1254 tarihinde Musul da oturan Paşa Badr al-Din Lulu ve Şengal arasında bir savaş çıkıyor. Êzidilerin direnişini kırıyorlar, Şeyh Hasani’yi esir alıyorlar ve Musul da asıyorlar. Devam eden savaşta Şeyh Hasan‘ın oğlu Şerefeddini de öldürüyorlar. Bu savaşta on binlerce Êzidi de katlediliyor. Osmanlı İmparatorluğu döneminde de bu katliamlar aralıksız devam etmiştir. 1832 ve 1840 tarihlerinde Rewanduz’lu Muhammed Paşa ve Bedrixan Beg Êzidilere karşı acımasız katliamlar yapıyor. Ancak her ne hikmetse bu sefer Osmanlılar Müslüman Kürdlere karşı 1849’da iki kere Êzidileri koruma altına alıyor. 1876’dan sonra Osmanlılar nezdinde Êzidilerin durumu tekrar kötüleşiyor, baskılar fazlalaşıyor, zoraki askerlik yürürlüğe giriyor ve zorla Êzidileri Müslüm anlaştırmaya çalışıyorlar. Êzidiler bu zulme karşı direniyor ve yine vahşi katliamlardan geçiriliyor. 1893, 1894 yıllarında Ermeni ve Hristiyan katliamlarında binlerce Êzidi de katlediliyor. Bu aşamadan sonra asimilasyon politikaları devreye konuluyor. 1940, 1950’e kadar çok sayıda Êzidi müslümanlaştırılıyor. Müslümanlığı kabul etmeyenler, mallarını mülklerini, topraklarını geride bırakarak kaçmak zorunda kalıyor. 1960 – 1980 arasında Şark Islahat Planı çerçevesinde devreye konulan baskı, zulüm ve asimilasyona karşı direnemeyen Êzidiler Türkiye‘yi terk ederek değişik ülkelere sığınıyor. Buradan da Rusya’ya giden Êzidiler Stalin tarafından tekrardan zulümle karşılaşıp sürgüne, Ermenistan’ın sınır köylerine yerleştirildiği bilinmektedir. 1965’lerde Irak rejimi, 400 Ezidi Köyü imha ediyor, Êzidileri toplu olarak başka köylere yerleştiriyor, buna karşı çıkanı da öldürüyorlar. Zorunlu olarak Müslüm anlaştırılan Êzidi halkı Baas rejimin etkisi altında kalıp Araplaştırılmak isteniyor. Kendi kimliği ve gerçekliğinden uzaklaştırılıyor. Ambargolarla onları maddi yönden zor koşullarla terbiye etmeye ve boyun eğdirmeye zorluyorlar. Baas Rejiminin halkı asimile etmesi dağlardan kopmalarına sığındıkları ve kutsal gördükleri tüm değerleri ikna yoluyla köreltmek istemektedir. Halen de Saddam Hüseyin etkisinde olan birçok aile ve aşiretin olduğuna tanıklık ediliyor. Saddam dan sonrada bu devlet politikası bitmemiş aksine daha fazla ekonomik sıkıntılarla karşı karşıya bırakmıştır.

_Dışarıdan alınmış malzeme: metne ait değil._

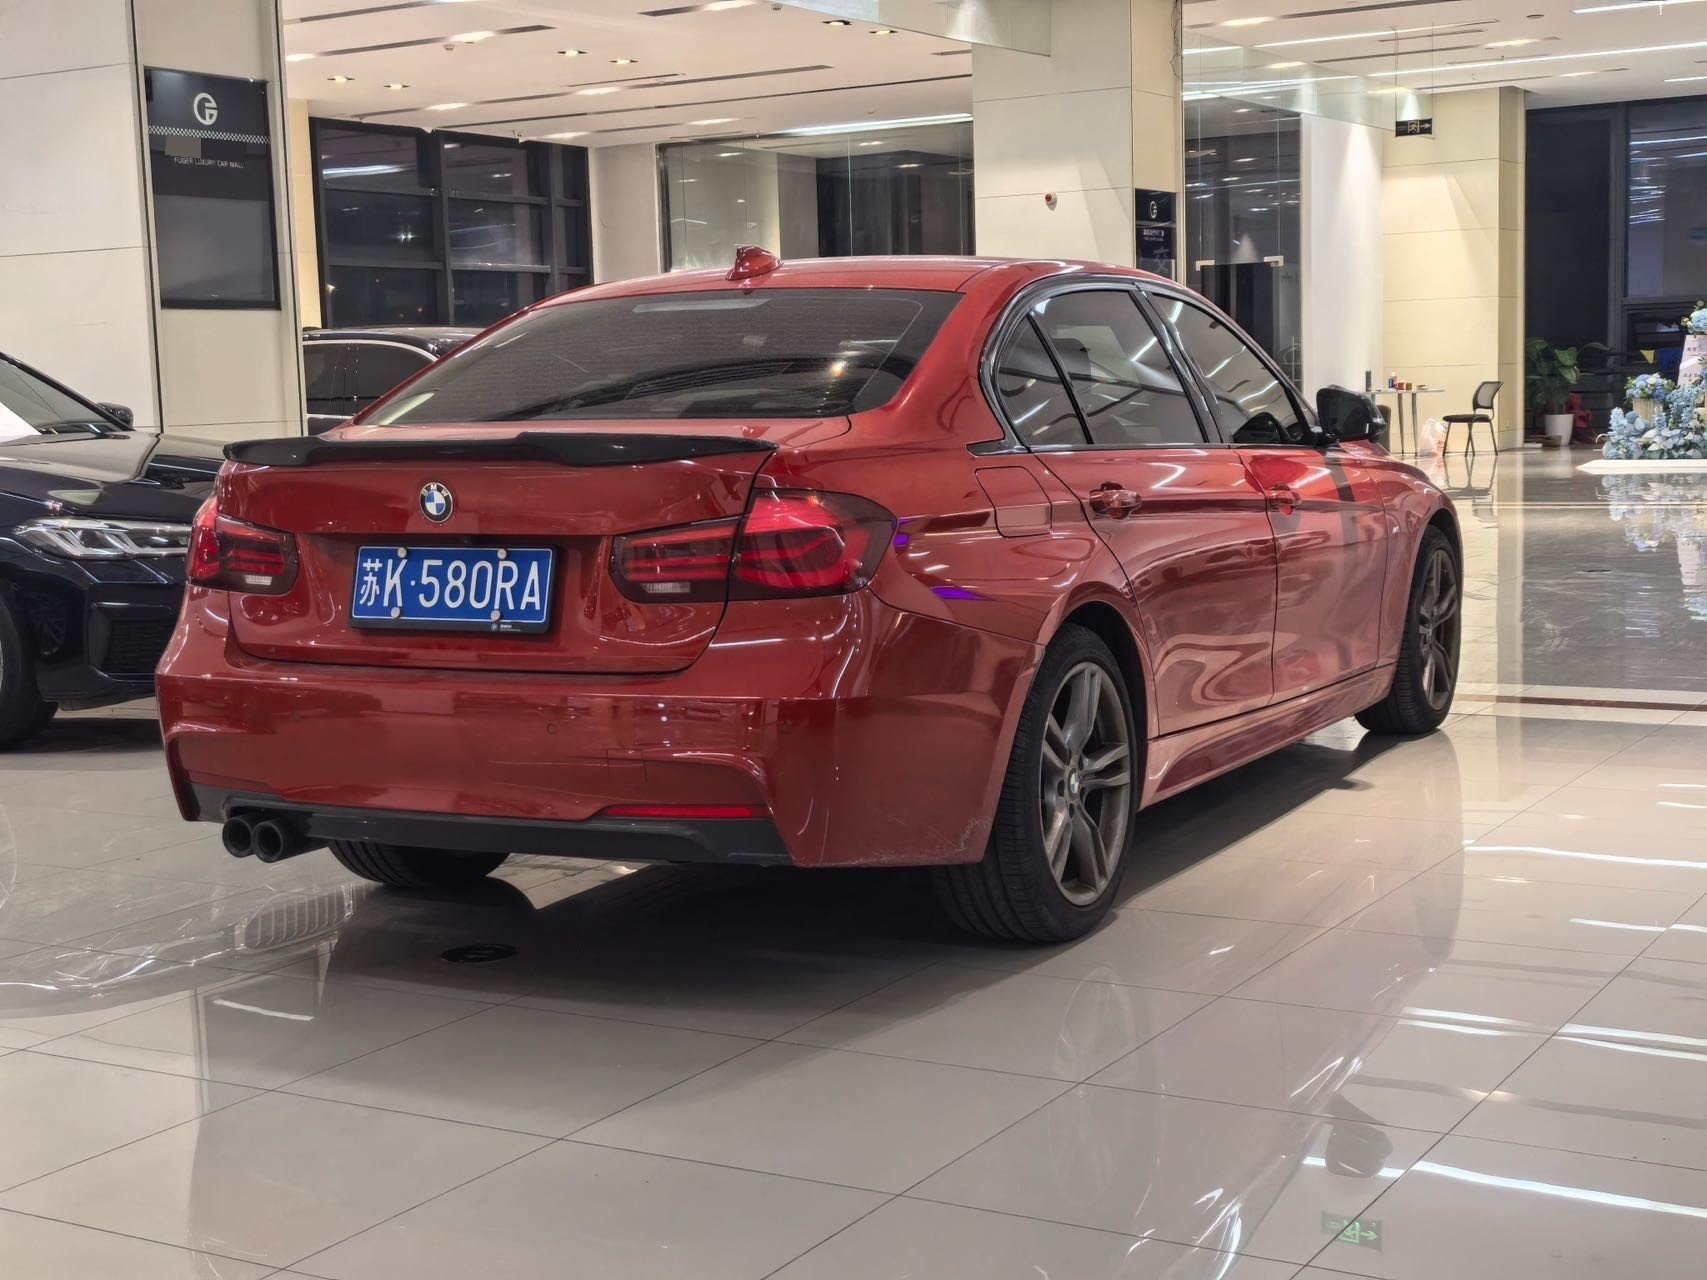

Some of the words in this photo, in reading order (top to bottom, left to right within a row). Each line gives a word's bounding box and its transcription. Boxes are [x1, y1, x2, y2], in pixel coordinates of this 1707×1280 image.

2007 Nisan ayında İslamcı bir grup adı altında T.C. faşist devletinden bağımsız olmayan bu grup Tılazer kasabasına baskın yaparak, kendilerini havaya uçuruyor. Çoğunluğunu çocuk ve kadınların oluşturduğu kasabada 700 kişi parçalanarak ve yanarak can veriyor. Son olarak da 03 Ağustos 2014 yılında 74 ferman olarak bilinen DAİŞ katliamında Irak güçleri ve KDP Peşmergeleri ferman öncesi Ezidi halkını inandırarak ‘sizi koruyacağız’ demesi üzerine halk ferman gününde her şeyden habersiz bir den bu güçlerin onları tümden yok oluşa sürükleyen bir fırtınanın içinde bırakıp arkalarına bakmadan gitmesine tanıklık etmişlerdi. Tarihten sonuç çıkarmayan acı bir tabloydu bu. Şengalde halen işbirlikçi bazı kesimlerin çıkarlarından dolayı aşılmayan birlik olamama noktasıydı. Ezidi halkın kendi içinde parçalı duruşu ve görüş birliğinde bir olmamaları yalnız ve hep başkalarına muhtaç bir durumda bırakmıştı. Ulusal düzeyde bir olamayan her halk ve kavim bu soykırım gerçekliği karşısında kendilerini kurtaramamışlardır. Yıllardır onurunu korumak için mücadele içinde olan Kürt halkı ulusal bir bütünlüğün oluşması için ve soykırım pençesinde olan Kürdistan toplumsallığın kendi kültürü ve inancı ile yaşaması için büyük bir mücadele içinde olmasına rağmen başarmış değildi. Umudunu yitirmeyen bu demokrasi mücadelesi özlemlerini hep diri tutmaktadır.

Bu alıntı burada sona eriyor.